Reproduce, unaltered, the line with "this 2000×1500 image." along with every line that follows it in the records, up to the last.

> _Collected data_:

★ ★ ★ ★ ★

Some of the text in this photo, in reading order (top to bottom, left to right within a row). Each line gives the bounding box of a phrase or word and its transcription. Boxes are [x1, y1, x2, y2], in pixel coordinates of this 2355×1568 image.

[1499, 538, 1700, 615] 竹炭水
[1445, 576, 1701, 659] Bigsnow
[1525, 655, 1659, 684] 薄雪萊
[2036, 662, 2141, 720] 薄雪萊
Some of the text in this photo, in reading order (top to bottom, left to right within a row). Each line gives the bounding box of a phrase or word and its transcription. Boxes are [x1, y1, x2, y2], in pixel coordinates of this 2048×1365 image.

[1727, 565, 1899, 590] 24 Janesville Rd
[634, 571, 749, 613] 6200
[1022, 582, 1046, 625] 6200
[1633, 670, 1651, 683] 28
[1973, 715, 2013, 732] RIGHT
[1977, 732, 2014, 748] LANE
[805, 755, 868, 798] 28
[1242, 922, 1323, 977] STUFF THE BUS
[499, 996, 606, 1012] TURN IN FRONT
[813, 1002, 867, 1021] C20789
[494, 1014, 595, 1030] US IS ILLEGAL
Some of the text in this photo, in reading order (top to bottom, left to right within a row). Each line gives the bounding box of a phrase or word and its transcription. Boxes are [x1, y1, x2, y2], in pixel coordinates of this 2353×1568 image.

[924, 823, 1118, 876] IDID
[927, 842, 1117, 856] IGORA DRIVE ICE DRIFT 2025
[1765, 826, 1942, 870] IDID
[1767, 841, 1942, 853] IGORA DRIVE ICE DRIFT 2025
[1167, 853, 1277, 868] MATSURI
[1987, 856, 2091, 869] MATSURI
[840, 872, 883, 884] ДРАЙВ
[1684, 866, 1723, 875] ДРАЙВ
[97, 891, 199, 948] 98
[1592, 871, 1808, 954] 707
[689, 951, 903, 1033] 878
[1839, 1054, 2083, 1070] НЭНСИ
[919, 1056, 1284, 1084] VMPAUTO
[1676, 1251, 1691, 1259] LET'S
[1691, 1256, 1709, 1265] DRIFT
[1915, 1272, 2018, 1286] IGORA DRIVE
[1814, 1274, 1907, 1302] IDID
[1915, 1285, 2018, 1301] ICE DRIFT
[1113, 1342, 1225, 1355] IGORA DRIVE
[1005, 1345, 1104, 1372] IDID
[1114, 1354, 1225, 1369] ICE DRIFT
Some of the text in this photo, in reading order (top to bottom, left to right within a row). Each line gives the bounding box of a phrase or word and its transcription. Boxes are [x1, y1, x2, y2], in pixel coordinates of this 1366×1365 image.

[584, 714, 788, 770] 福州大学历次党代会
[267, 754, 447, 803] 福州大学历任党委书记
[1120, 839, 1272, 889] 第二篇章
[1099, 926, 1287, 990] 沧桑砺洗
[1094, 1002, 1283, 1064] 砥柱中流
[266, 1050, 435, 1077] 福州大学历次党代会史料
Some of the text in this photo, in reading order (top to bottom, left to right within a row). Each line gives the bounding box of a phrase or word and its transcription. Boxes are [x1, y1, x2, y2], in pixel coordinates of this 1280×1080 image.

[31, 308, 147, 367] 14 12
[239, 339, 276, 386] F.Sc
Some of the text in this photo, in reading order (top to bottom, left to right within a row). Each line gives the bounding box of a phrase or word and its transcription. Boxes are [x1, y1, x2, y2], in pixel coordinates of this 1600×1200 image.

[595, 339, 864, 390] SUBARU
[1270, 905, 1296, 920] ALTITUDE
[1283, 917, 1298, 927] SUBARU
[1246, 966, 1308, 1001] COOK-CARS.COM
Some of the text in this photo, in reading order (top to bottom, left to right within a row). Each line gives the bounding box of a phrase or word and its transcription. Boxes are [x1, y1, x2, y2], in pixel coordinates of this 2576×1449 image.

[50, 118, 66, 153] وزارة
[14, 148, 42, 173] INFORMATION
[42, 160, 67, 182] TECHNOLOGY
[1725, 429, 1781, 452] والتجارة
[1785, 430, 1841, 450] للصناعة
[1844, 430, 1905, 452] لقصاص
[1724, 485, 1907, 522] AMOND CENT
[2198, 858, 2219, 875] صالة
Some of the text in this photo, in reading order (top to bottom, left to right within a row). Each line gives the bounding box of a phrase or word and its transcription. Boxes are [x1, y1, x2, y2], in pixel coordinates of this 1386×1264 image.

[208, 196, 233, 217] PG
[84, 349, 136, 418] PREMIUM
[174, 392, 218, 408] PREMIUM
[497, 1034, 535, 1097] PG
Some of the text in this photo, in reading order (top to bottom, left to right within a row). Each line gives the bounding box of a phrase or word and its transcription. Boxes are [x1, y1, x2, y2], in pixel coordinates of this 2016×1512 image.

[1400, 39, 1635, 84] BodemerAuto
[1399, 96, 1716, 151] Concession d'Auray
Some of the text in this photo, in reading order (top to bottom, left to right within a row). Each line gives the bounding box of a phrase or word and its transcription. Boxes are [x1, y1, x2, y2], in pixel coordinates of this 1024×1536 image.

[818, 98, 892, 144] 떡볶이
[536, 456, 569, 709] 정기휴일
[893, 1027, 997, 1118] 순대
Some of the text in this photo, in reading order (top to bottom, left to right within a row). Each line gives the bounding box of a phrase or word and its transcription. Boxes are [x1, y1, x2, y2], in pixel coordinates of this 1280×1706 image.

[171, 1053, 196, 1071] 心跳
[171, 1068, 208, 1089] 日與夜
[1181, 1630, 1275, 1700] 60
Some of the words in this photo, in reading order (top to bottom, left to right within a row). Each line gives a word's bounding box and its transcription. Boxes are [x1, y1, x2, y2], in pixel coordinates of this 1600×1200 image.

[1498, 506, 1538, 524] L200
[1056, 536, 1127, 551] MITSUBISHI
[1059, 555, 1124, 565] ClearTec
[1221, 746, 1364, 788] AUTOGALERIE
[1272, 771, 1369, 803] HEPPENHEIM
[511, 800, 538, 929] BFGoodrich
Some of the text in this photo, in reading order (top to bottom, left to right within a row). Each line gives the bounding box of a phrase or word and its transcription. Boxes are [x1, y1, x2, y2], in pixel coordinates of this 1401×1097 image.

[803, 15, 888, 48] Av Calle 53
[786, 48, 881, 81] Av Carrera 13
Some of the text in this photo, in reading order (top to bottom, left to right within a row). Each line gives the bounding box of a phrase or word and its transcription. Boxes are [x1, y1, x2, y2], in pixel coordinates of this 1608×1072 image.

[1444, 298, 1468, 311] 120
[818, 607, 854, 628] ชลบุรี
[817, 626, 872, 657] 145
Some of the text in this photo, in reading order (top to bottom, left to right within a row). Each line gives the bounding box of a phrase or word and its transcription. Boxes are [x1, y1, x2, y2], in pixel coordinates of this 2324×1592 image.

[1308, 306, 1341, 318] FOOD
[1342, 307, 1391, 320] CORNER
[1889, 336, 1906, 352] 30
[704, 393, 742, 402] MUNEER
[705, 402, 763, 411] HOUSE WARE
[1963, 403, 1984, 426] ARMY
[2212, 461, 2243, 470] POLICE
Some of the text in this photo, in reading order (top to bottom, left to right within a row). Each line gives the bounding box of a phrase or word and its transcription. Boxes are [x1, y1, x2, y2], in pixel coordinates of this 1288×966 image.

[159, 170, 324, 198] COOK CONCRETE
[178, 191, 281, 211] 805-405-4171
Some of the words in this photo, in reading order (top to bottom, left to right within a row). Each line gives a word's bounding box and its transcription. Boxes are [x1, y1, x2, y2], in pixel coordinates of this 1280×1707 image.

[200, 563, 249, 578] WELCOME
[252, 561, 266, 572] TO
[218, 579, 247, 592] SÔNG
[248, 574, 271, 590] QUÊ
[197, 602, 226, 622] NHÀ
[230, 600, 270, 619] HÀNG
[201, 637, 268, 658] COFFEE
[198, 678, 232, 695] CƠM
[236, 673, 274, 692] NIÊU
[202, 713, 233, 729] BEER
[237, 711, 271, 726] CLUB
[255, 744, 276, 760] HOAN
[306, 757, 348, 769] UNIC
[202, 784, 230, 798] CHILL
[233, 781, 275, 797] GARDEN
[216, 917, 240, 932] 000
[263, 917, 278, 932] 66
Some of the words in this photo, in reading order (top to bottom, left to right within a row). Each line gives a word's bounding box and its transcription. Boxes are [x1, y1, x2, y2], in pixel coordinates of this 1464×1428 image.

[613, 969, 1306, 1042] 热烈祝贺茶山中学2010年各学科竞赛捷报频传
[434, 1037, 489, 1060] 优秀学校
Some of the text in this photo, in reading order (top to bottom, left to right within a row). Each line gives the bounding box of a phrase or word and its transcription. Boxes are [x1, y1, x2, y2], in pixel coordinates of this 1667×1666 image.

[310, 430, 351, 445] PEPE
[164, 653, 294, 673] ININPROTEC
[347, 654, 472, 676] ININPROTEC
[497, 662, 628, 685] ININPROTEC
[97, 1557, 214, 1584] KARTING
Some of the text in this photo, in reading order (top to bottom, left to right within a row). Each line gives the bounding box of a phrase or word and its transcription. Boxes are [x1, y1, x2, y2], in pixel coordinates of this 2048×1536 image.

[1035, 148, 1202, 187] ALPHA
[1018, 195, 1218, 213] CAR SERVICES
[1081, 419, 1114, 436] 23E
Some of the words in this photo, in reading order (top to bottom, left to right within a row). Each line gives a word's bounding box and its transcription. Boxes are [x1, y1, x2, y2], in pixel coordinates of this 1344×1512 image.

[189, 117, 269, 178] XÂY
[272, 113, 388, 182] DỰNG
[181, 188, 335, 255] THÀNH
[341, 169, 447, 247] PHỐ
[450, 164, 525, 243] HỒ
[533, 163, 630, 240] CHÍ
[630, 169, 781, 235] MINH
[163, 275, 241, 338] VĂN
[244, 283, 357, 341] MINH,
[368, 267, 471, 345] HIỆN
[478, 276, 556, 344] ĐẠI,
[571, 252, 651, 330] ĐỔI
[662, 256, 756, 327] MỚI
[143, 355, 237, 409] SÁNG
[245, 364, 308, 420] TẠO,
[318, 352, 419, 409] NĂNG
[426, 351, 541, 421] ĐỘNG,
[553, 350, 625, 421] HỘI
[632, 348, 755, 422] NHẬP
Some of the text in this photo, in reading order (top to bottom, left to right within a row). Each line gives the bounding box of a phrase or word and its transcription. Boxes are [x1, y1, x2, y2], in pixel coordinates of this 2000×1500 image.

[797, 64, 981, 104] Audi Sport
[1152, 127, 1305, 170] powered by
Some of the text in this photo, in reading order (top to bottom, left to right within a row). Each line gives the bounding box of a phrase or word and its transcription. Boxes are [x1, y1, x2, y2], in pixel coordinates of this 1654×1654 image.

★ ★ ★ ★ ★

> _RESULT FOR THIS EXERCISE_:
Some of the text in this photo, in reading order (top to bottom, left to right within a row). Each line gives the bounding box of a phrase or word and its transcription. Boxes are [x1, y1, x2, y2], in pixel coordinates of this 2000×1500 image.

[797, 64, 981, 104] Audi Sport
[1152, 127, 1305, 170] powered by
Some of the text in this photo, in reading order (top to bottom, left to right within a row). Each line gives the bounding box of a phrase or word and its transcription. Boxes are [x1, y1, x2, y2], in pixel coordinates of this 1654×1654 image.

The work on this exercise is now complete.